Fri Aug 05, 02:13:50 PM EDT  
 Dark Wraith blogged...

And by the way, Missouri Mule, anyone who hasn't read your your latest post over at BlondeSense is missing out on the treat of the year. I normally don't find much humor in what many find terribly amusing these days, but I can assure you of one thing: I know funny, and that was funny.

At some time in the future, I might share with folks a few of the wickéd and entirely inappropriate stories about retribution against those who have done harm to the wrong computer users.

Not that I'd recommend any of that mean-spirited and wholly unforgiving activity, mind you.


The Dark Wraith always turns the other cheek.

Fri Aug 05, 02:24:29 PM EDT  
 Anonymous blogged...

You know: practical math.


The Dark Wraith strives to connect with the audience.


Ever think of teaching 7th & 8th grade math in a private school for boys?

.......

- oddjob

Fri Aug 05, 02:51:23 PM EDT  
 Dark Wraith blogged...

Good afternoon, OddJob.

For several years, I was a substitute teacher in a co-ed, K-8, private school. The kids seemed to just love it when I'd show up in their English classes or their math classes.

The owner of the school did not, however, care for me all that much. (Come to think of it, the woman hated my guts.) Eventually, she found someone else who would show up on a few minutes' notice.


The Dark Wraith did acquire some really good teaching skills there, though.

Fri Aug 05, 03:52:30 PM EDT  
 Missouri Mule blogged...

Afternoon, Dark One,

Sure, cyberspace done me wrong but the "Internets" is our friend.
I decided to try to change my cable service too this week because as long as you're trying to gouge your eyes out, you might as well do a twofer, no?
There's just nut'in like forty-five minutes on hold with more schizophrenic, computer-generated Muzak selctions, it was like having Sibil as a DJ. First rockabilly, then classical, then Manilow, then gangsta rap.
I was told, every twenty seconds or so, that "all our representatives are assisting other customers." I was seized with an irrational hatred of these "other customers." Who were they and what made them so frikkin' special? Hells bells, I rode the short bus too.
All's well that ends well and I finally got a very helpful humans on the phone but the cost to my sanity was great. Isn't that right, chair?

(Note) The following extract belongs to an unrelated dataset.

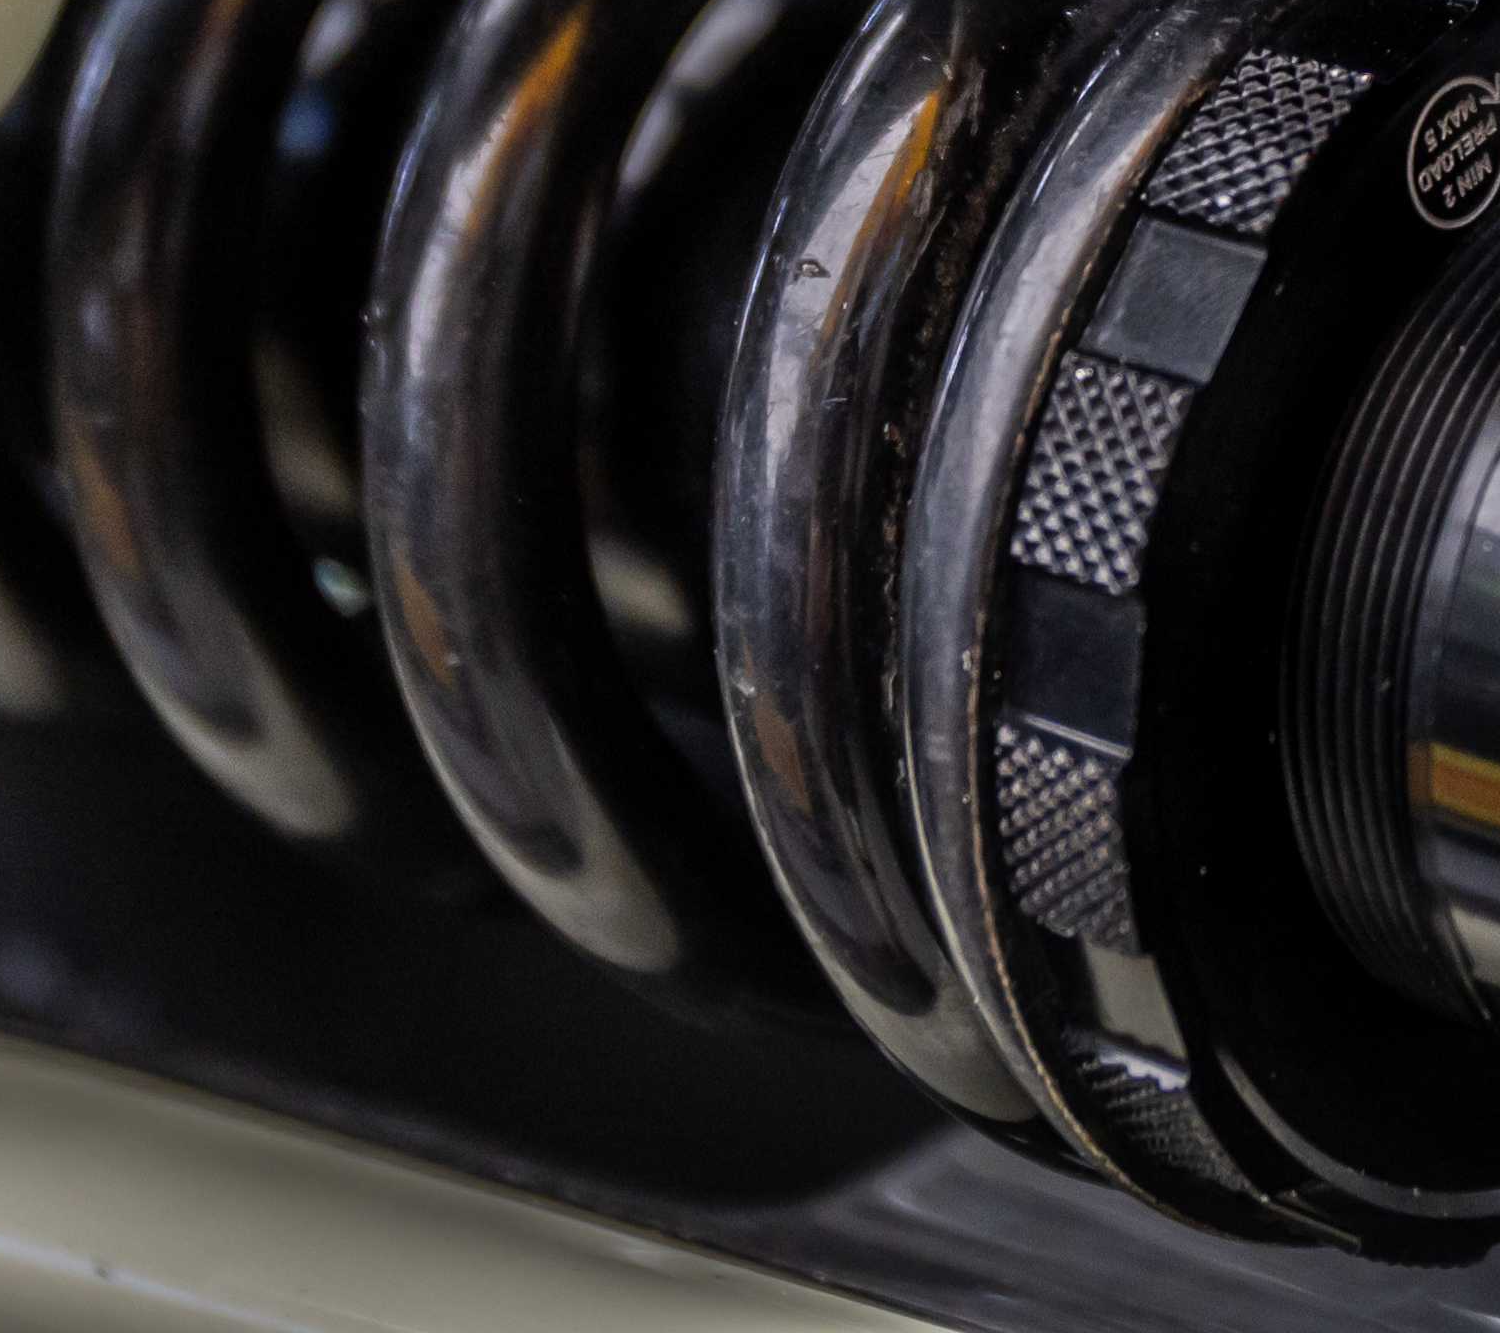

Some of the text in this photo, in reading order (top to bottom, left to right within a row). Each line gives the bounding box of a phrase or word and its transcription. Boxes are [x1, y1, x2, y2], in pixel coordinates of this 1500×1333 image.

[1436, 93, 1478, 142] MAX
[1417, 110, 1498, 194] PRELOAD
[1441, 151, 1493, 209] MIN 2

Fri Aug 05, 04:41:54 PM EDT  
 Anonymous blogged...

Oh, MoMu, you have touched on a particular sore spot of mine!

LOLOLOLOL!

- oddjob

Fri Aug 05, 06:49:47 PM EDT  
 SB Gypsy blogged...

MM,

Am I the only one reduced to yelling back at the phone: "If you truly valued your customers as much as you profess, you would hire enough Customer Service drones, and I would not be waiting on hold for 20 minutes!!!!"


....Sometimes the boss comes into the office to see what all the ruckus is about.

Sat Aug 06, 09:33:32 AM EDT  
 lenin's ghost blogged...

i've always believed the KISS principal (keep it simple, stupid) to be one of the finest teaching tools.
i DO enjoy practical math!

Mon Aug 08, 01:43:04 AM EDT  
 Dark Wraith blogged...

Good afternoon, Lenin's Ghost.

Yes, practical math can be so darned practical sometimes. In the present case, the math is practical on many levels. For one thing, it practically makes you want to move to the mountains of Montana. For another thing, it makes you want to build an underground bomb shelter once you've moved to the mountains of Montana.


The Dark Wraith has provided the tools necessary for practically anyone to be paranoid.